The research community has seen several motif discovery pipelines such as W-ChIPMotifs [5], GimmeMotifs [6], CompleteMOTIFS [7], MEME-ChIP [8], RSAT peak-motifs [9], MotifLab [10], and Promzea [11] among many others. Generally, the pipelines incorporated multiple algorithms or tools. They were designed to complement individual motif finders for achieving better accuracy. The results can be clustered and ranked for obtaining the top significant motifs. Some pipelines allow verifying the results with the reference databases such as TRANSFAC [12], Jaspar [13], and UniPROBE [14] by using a motif comparison tool such as STAMP [15] or TOMTOM [16].

Table 1 gives a summary of some current pipelines. We briefly discuss some of their general limitations here. W-ChIPMotifs was designed for mouse and human species only. There is no option for running different combinations of motif finders in the pipeline. The results include the top ranked motifs and their matches from the reference database by using STAMP tool. GimmeMotifs is a standalone application that has several functions including motif finding. However, the results from motif discovery module only present the top ranked motifs and their matches in the reference database. CompleteMOTIFS allowed selecting the tools to run the motif discovery. The results showed the top ten predicted motifs from each selected tool and their matches in the reference database via STAMP tool. However, this pipeline is no longer available for use. MEME-ChIP reports the predicted motifs from each tool and their matches in the reference database by using TOMTOM. RSAT peak-motifs allows selecting the motif discovery algorithms and it reports the predicted motifs from each selected algorithm with their matches in the reference database.

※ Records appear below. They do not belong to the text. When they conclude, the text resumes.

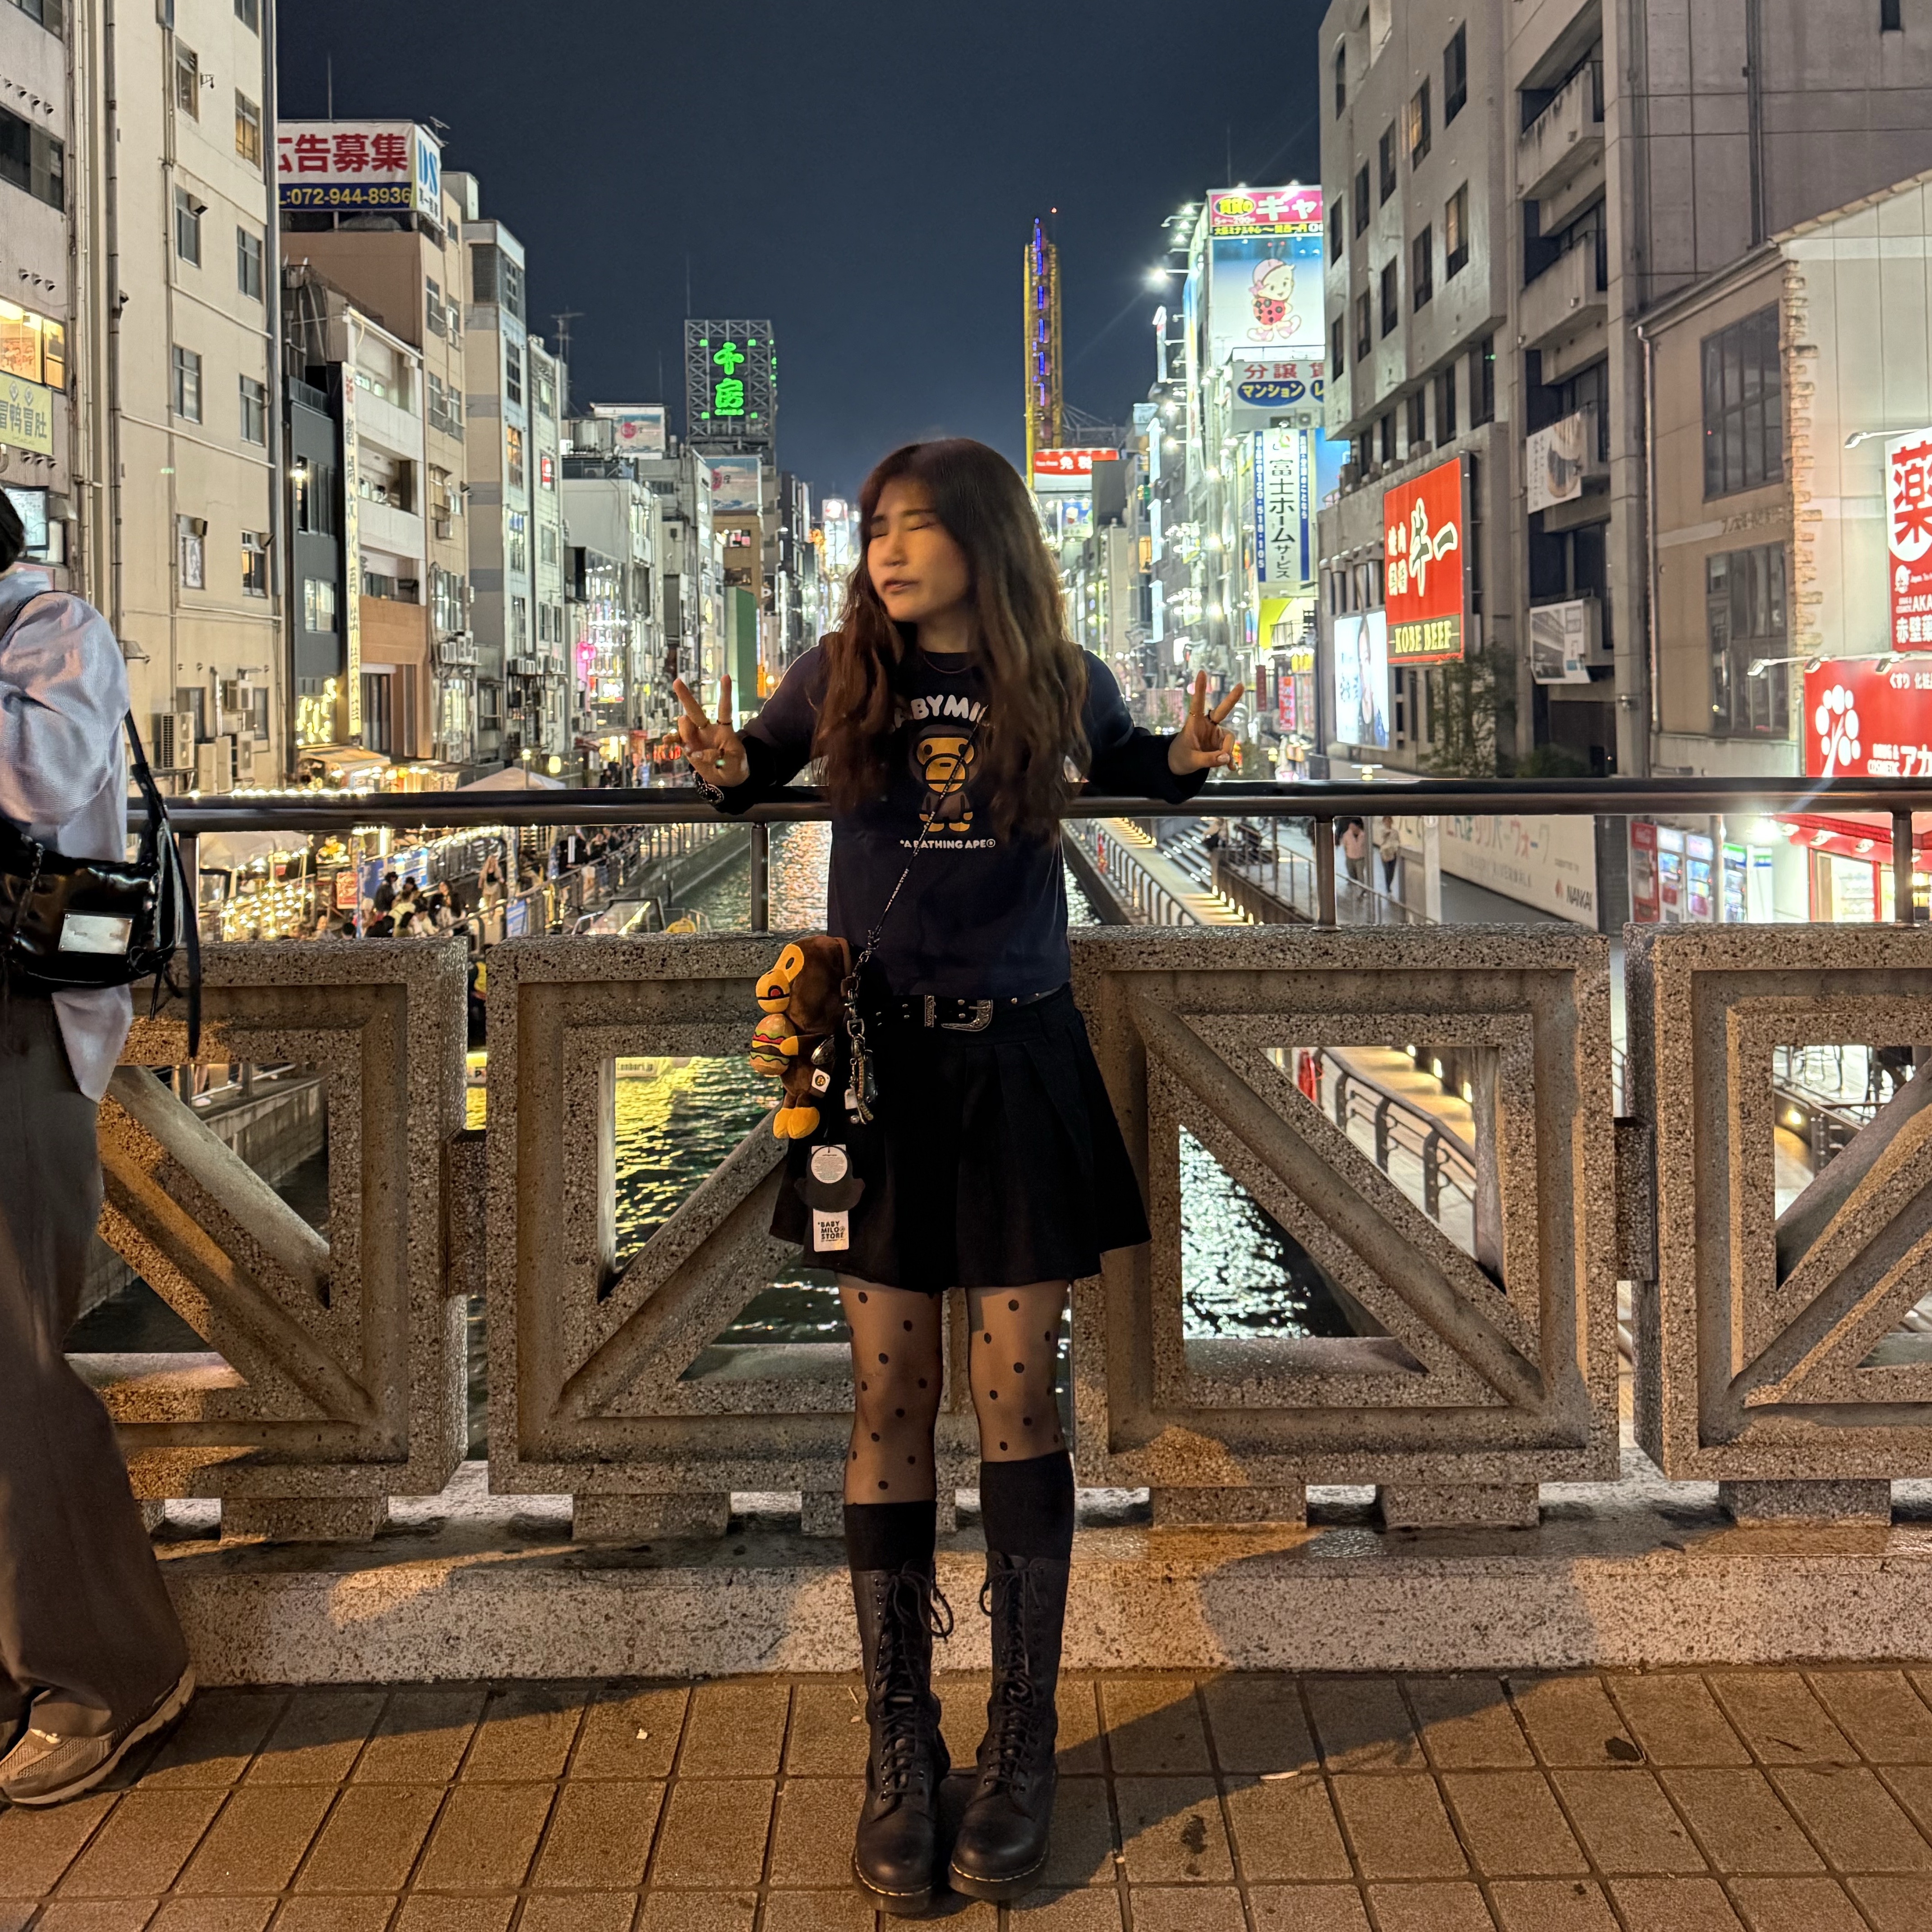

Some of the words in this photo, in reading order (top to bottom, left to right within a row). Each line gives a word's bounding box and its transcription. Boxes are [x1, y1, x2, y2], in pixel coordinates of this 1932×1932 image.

[1244, 363, 1297, 379] 分譲
[1241, 382, 1303, 399] マンション
[1891, 440, 1932, 546] 薬
[1269, 459, 1296, 579] 富士ホームサービス
[1395, 625, 1422, 653] KOBE
[1424, 620, 1452, 651] BEEF
[1914, 672, 1932, 690] 化粧
[892, 694, 987, 729] BYMI
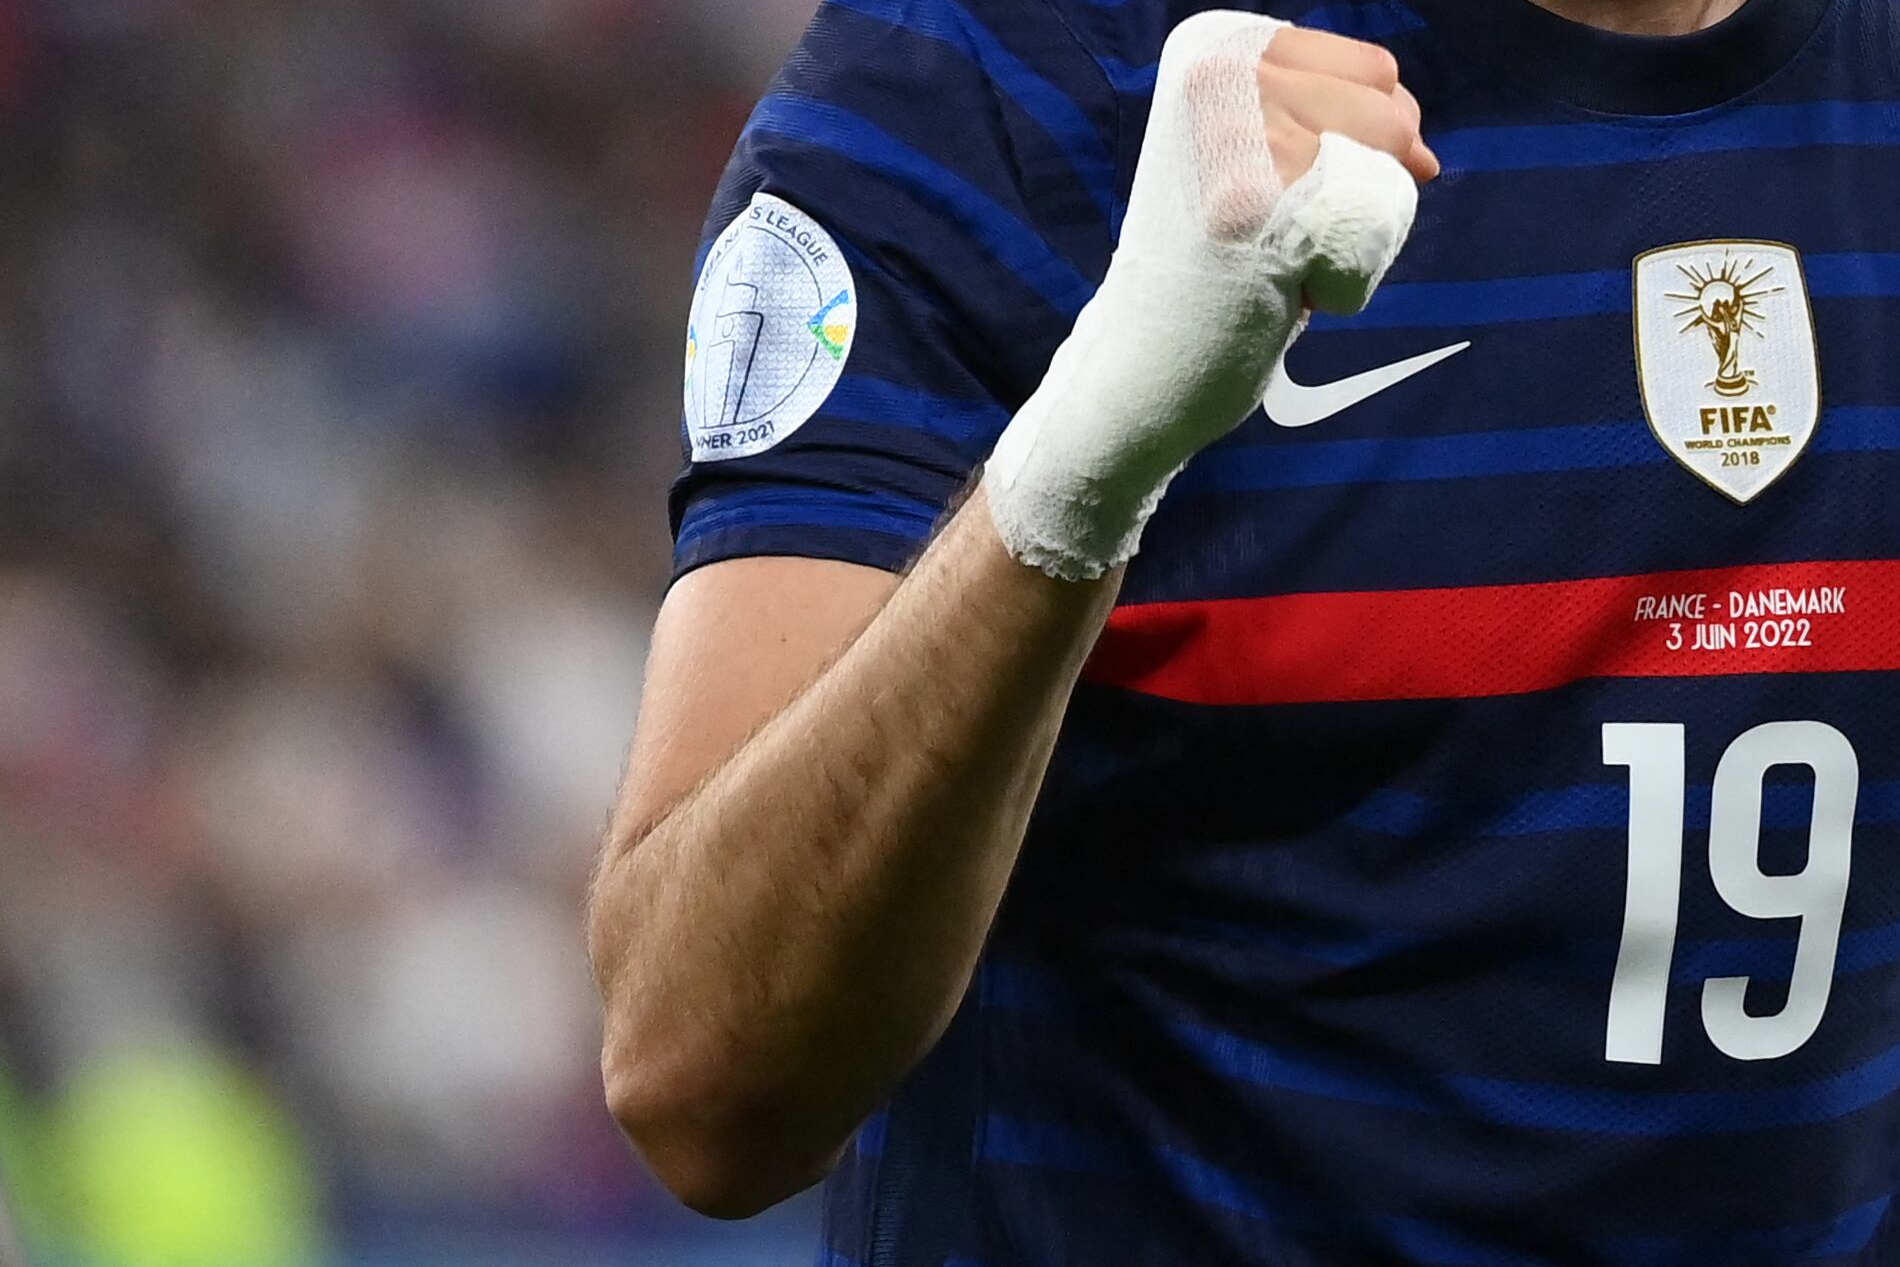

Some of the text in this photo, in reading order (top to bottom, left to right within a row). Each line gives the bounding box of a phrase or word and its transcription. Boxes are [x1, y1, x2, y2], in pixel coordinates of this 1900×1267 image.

MotifLab is a standalone application with a wide-range of functions including motif discovery. As other pipelines, only the top ranked motifs are presented in the results. Promzea is specialized for maize, rice, and Arabidopsis thaliana. It presents only the top predicted motifs that are not verified with the reference database.

Table 1 Characteristics of some existing motif discovery pipelines

Although existing pipelines were designed with their unique integrations and the methods for ranking and selecting the significant motifs, they do not allow obtaining different comparison results for multiple tools and methods. They generally report the top ranked results either from individual motif finders or from a combination of multiple predictive algorithms and tools.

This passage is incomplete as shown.